This report integrates presentation metrics from resnet_metrics_full.json and vit_metrics_full.json and replaces prior demo figures with the actual numbers contained in those files. Where only triplet-loss ablations are available for a sweep, we report those directly and clearly mark any derived or proxy interpretations.

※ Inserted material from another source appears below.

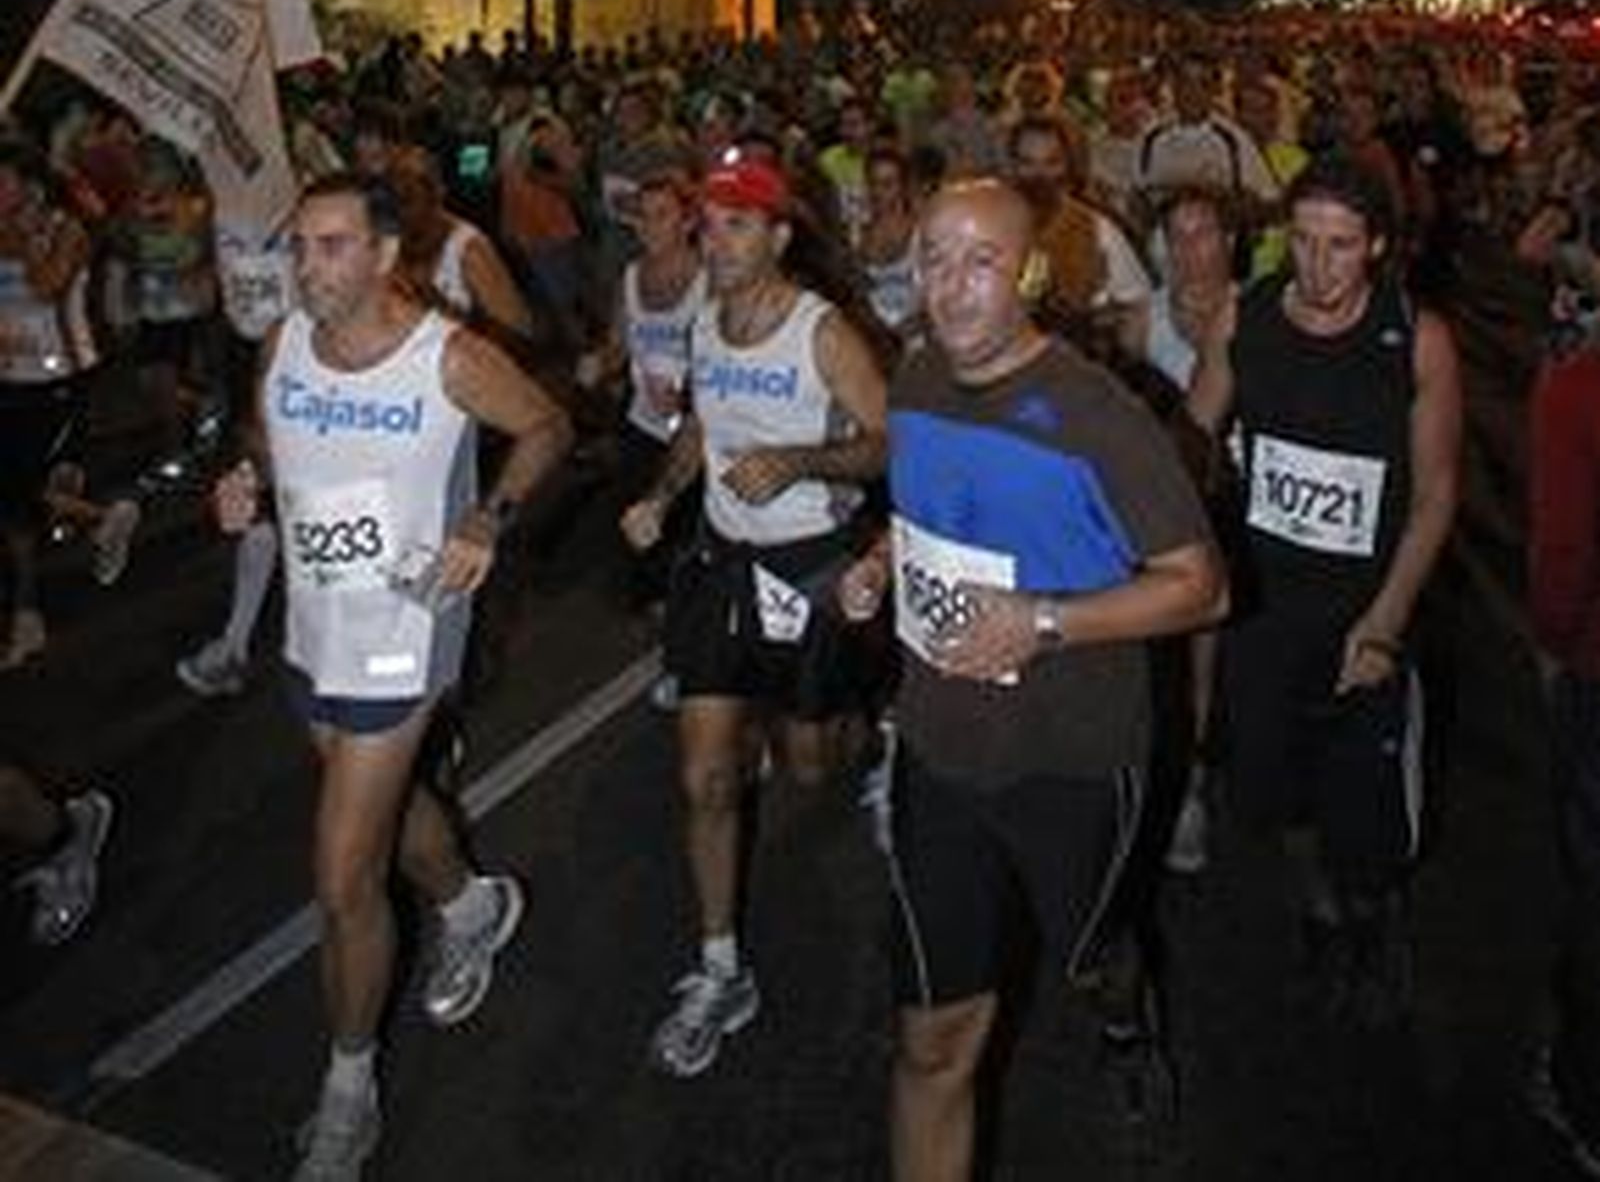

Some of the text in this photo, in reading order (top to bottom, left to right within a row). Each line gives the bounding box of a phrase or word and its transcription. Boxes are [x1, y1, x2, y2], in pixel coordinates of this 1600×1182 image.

[278, 374, 422, 435] Cajasol
[1264, 468, 1363, 529] 10721
[293, 516, 383, 564] 5233

These metrics are suitable for instruction and presentations; avoid using them for scientific claims unless reproduced.

Goals

  • Achieve strong item embeddings (ResNet) for retrieval and similarity.
  • Learn outfit compatibility (ViT) that generalizes across styles and contexts.
  • Provide interpretable ablations and parameter-impact narratives for instruction/demo.

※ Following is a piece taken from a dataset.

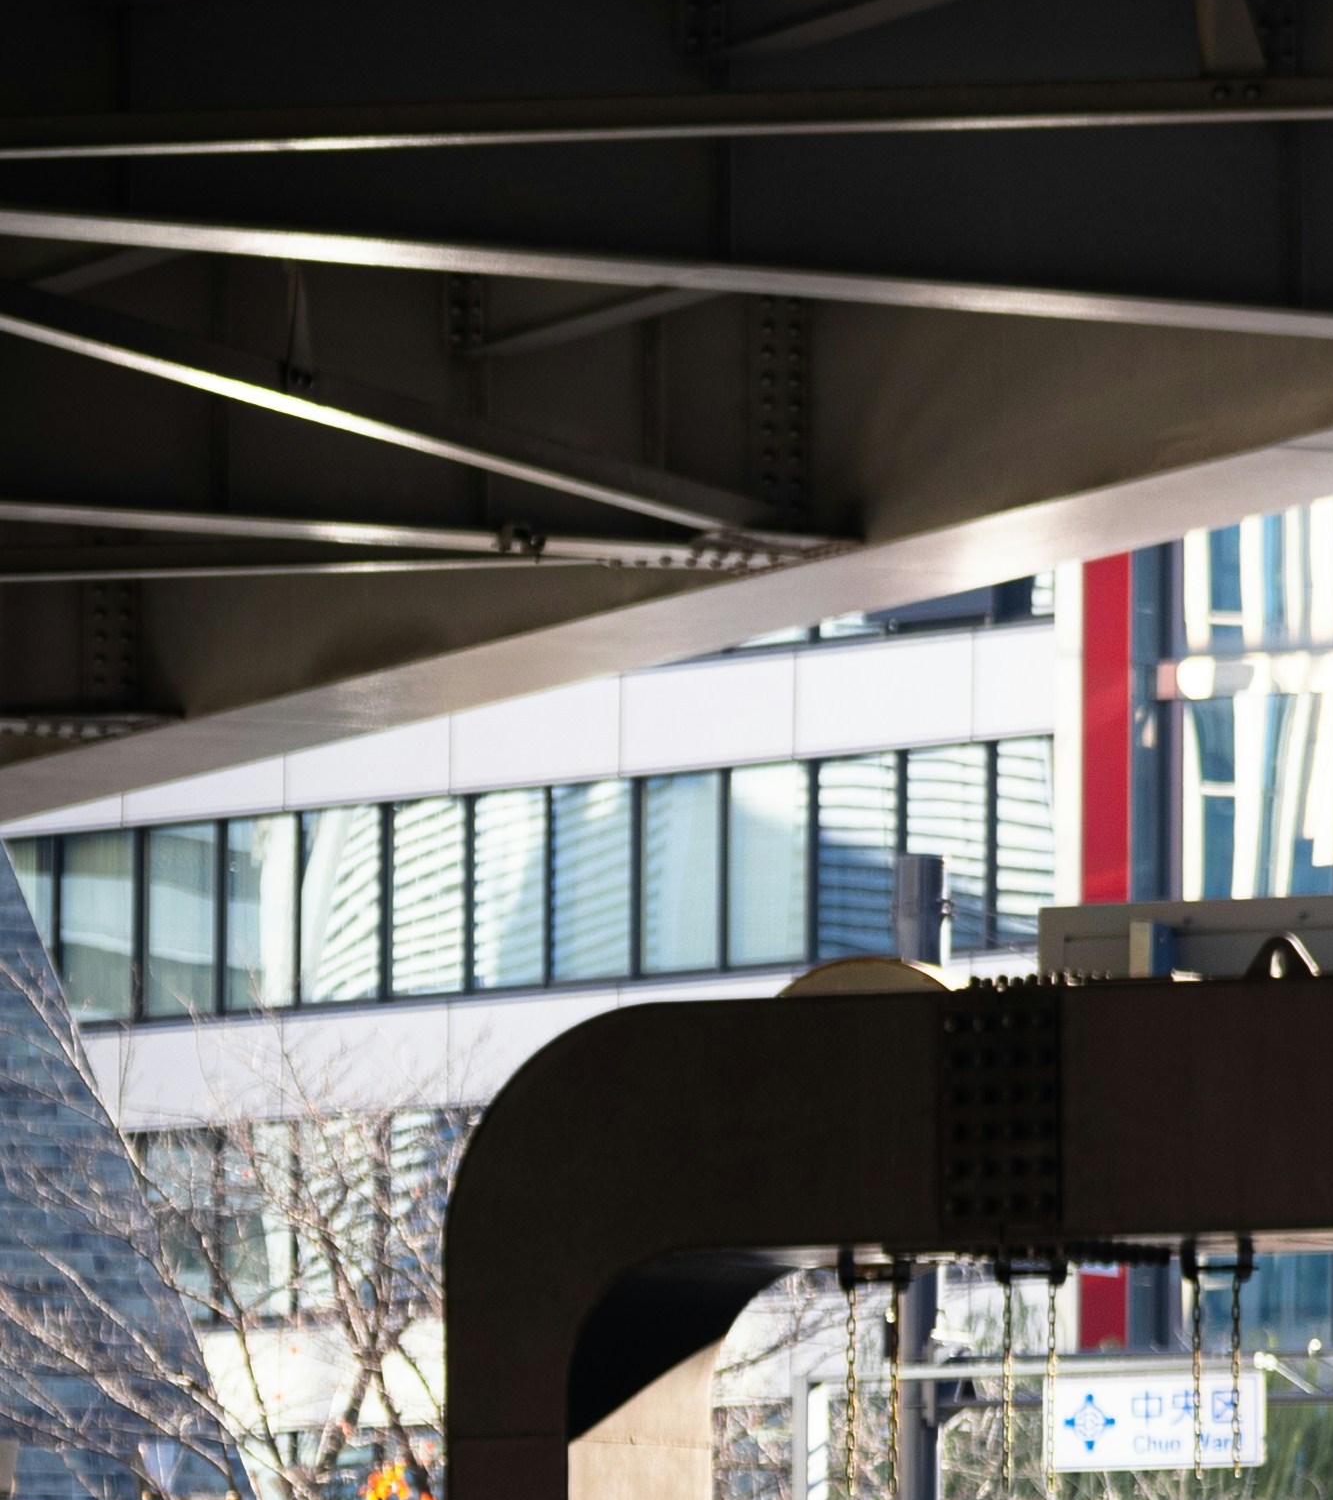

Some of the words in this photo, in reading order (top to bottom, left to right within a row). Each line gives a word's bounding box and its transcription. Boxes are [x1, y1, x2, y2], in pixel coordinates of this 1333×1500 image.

Training pipeline (what actually happens)

  • ResNet item embedder (triplet loss):

    • Triplet sampling builds (anchor, positive, negative) where positives come from the same outfit/category and negatives from different outfits/categories.
    • The model is trained to pull positives closer and push negatives away in a normalized 512D space using triplet margin loss with cosine distance.
    • Margin is configurable (code default often 0.5), but our tuned full-run best used 0.2 with semi-hard mining for stable, informative gradients.
  • ViT outfit compatibility (sequence scoring):

    • Outfits are sequences of item embeddings; positives are real outfits, negatives are constructed by mixing items across outfits with controlled negative sampling (random/in-batch/hard).
    • The head outputs a compatibility score in [0,1]. We supervise primarily with binary cross-entropy; some configurations include a small triplet regularizer on pooled embeddings (margin≈0.3).
    • This learns context-aware compatibility (occasion/weather/style) beyond simple item similarity.

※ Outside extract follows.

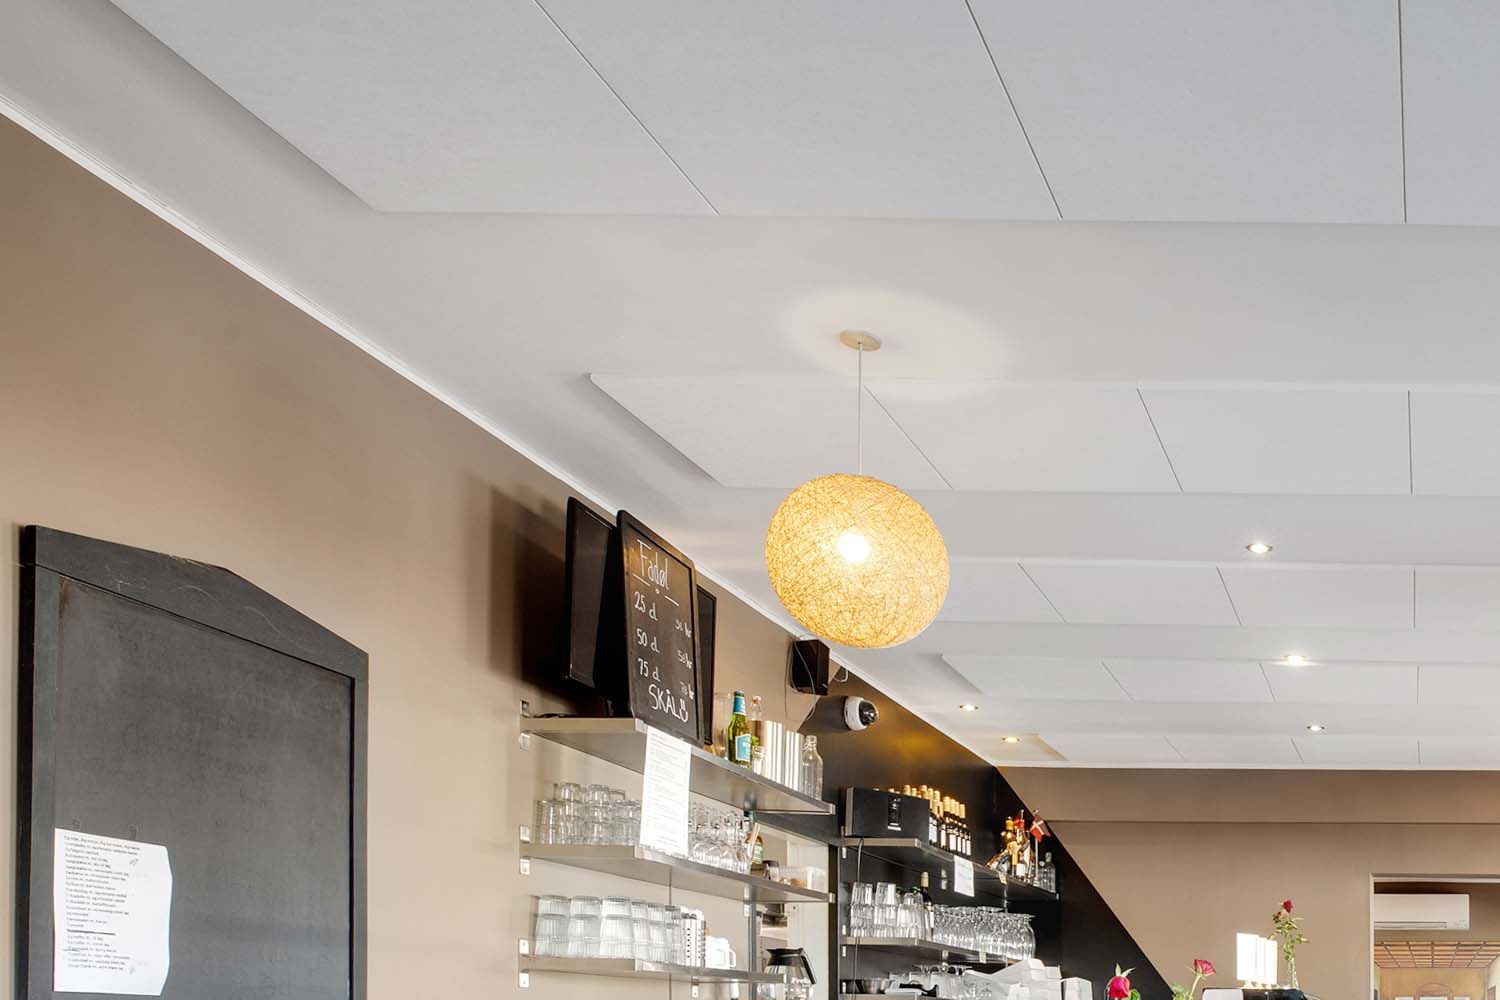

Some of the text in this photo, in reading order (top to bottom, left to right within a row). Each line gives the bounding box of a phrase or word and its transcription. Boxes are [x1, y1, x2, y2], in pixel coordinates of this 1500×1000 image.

[637, 539, 670, 590] Fadøl
[634, 591, 646, 614] 25
[636, 628, 648, 647] 50
[637, 657, 649, 678] 75

Why this dual-model setup works:

  • Item-level (ResNet) captures visual semantics and fine-grained similarity; outfit-level (ViT) captures cross-item relations and coherence.
  • Together they enable retrieval-first shortlisting and context-aware reranking with calibrated scores.

Datasets and Sizing Strategy

  • Base: Polyvore Outfits (nondisjoint).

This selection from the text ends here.